The lived experience of housing at Patuxent changed dramatically across the tier system. Each tier had its own physical character—not just a different set of rules, but a different sensory environment.
Level One cells were double-occupancy—two inmates sharing a space designed around confinement rather than comfort. For Ben Keller, arriving from seventeen years of solitary confinement at NBCI, the sudden presence of another human being in his sleeping space was itself an adjustment that carried clinical weight. The dayroom on Level One was the most austere: no food allowed, no personal decorations, television and basic recreation only. Dayroom access was limited to scheduled blocks (9:00-11:00 AM, 1:00-3:00 PM, 7:00-10:00 PM), with inmates locked into cells for daily count and whenever the officer needed to leave the tier.

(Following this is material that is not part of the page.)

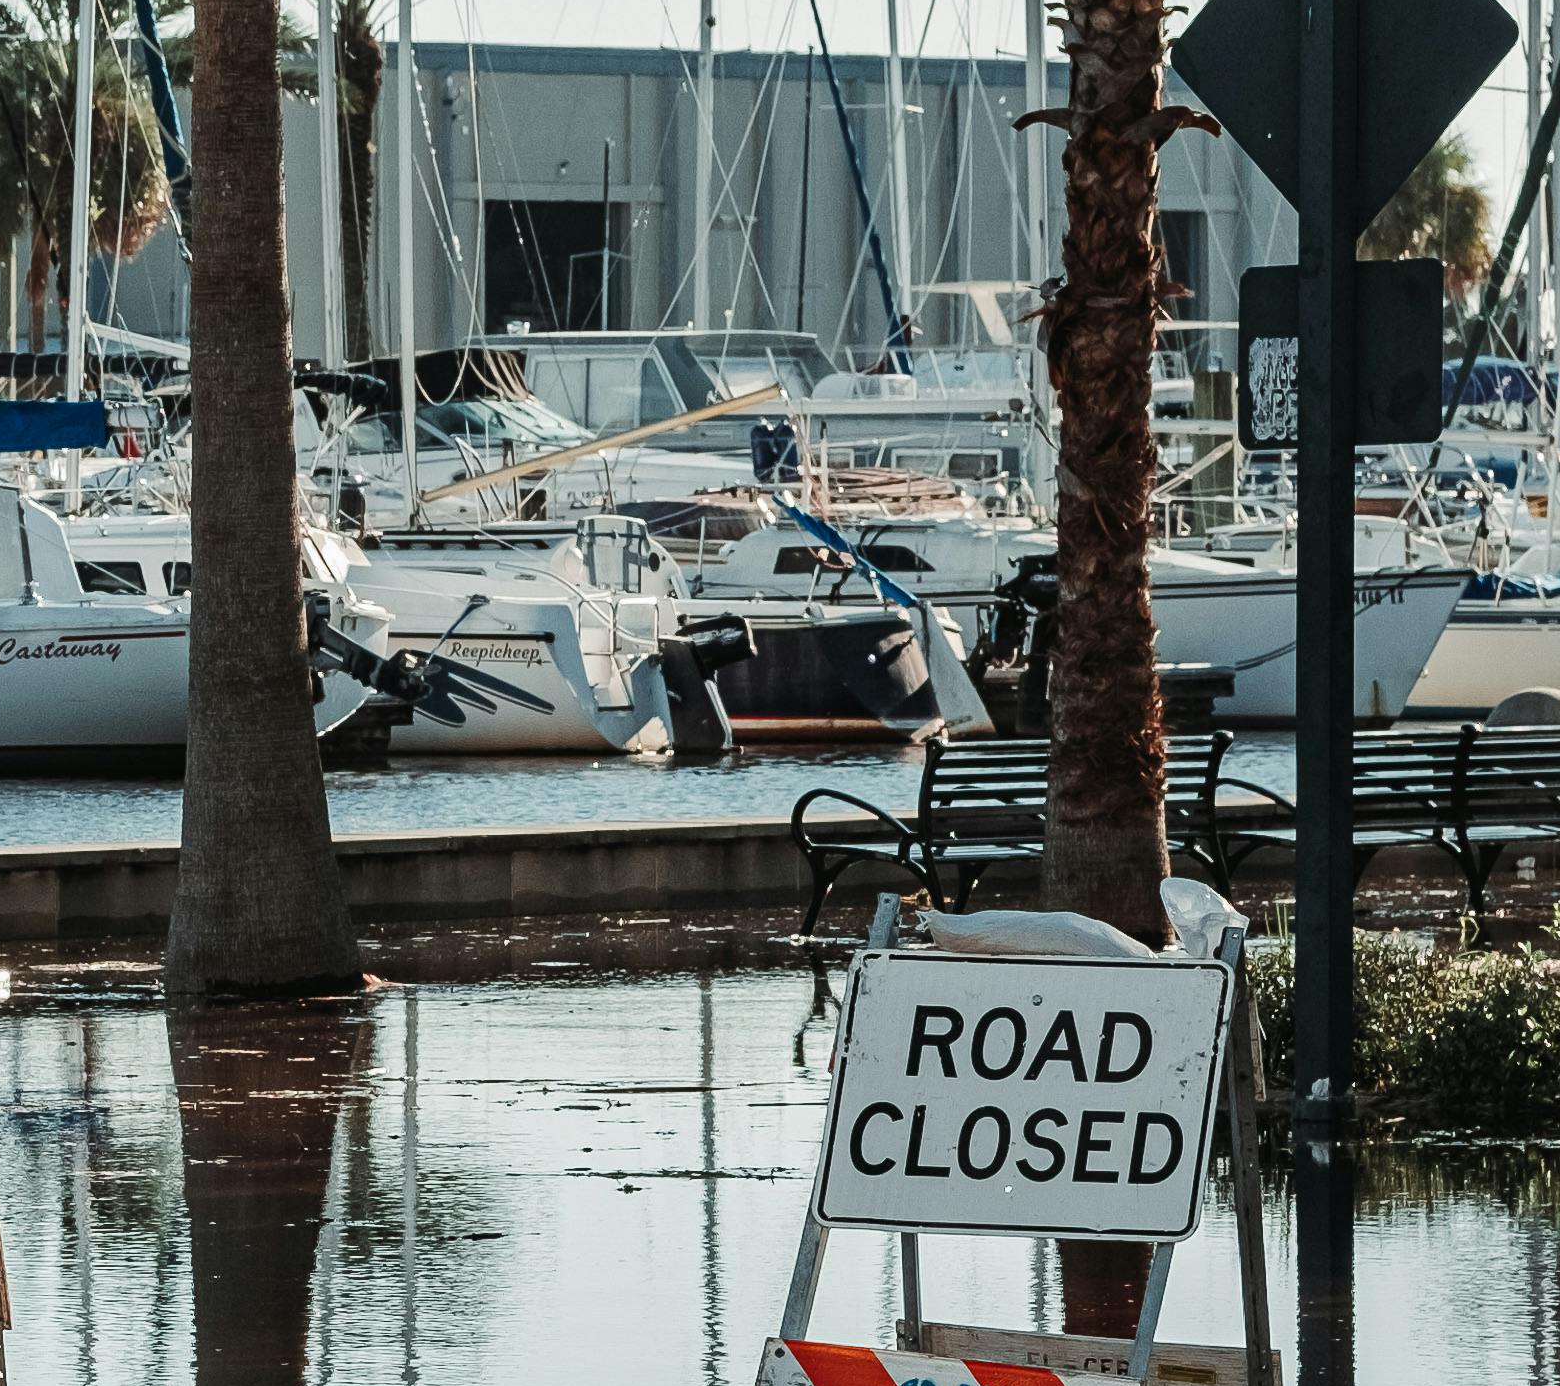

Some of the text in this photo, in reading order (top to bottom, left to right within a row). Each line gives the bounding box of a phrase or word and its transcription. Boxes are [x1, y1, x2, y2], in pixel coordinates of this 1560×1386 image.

Level Two brought the single cell—a room of one’s own. After years of either solitary confinement (where the isolation was punitive) or double-celling (where the proximity was forced), a single cell earned through therapeutic progress carried different psychological weight than either. The space could hold certificates earned at Patuxent. Food was allowed in the dayroom, which stayed open slightly later (until 11:00 PM).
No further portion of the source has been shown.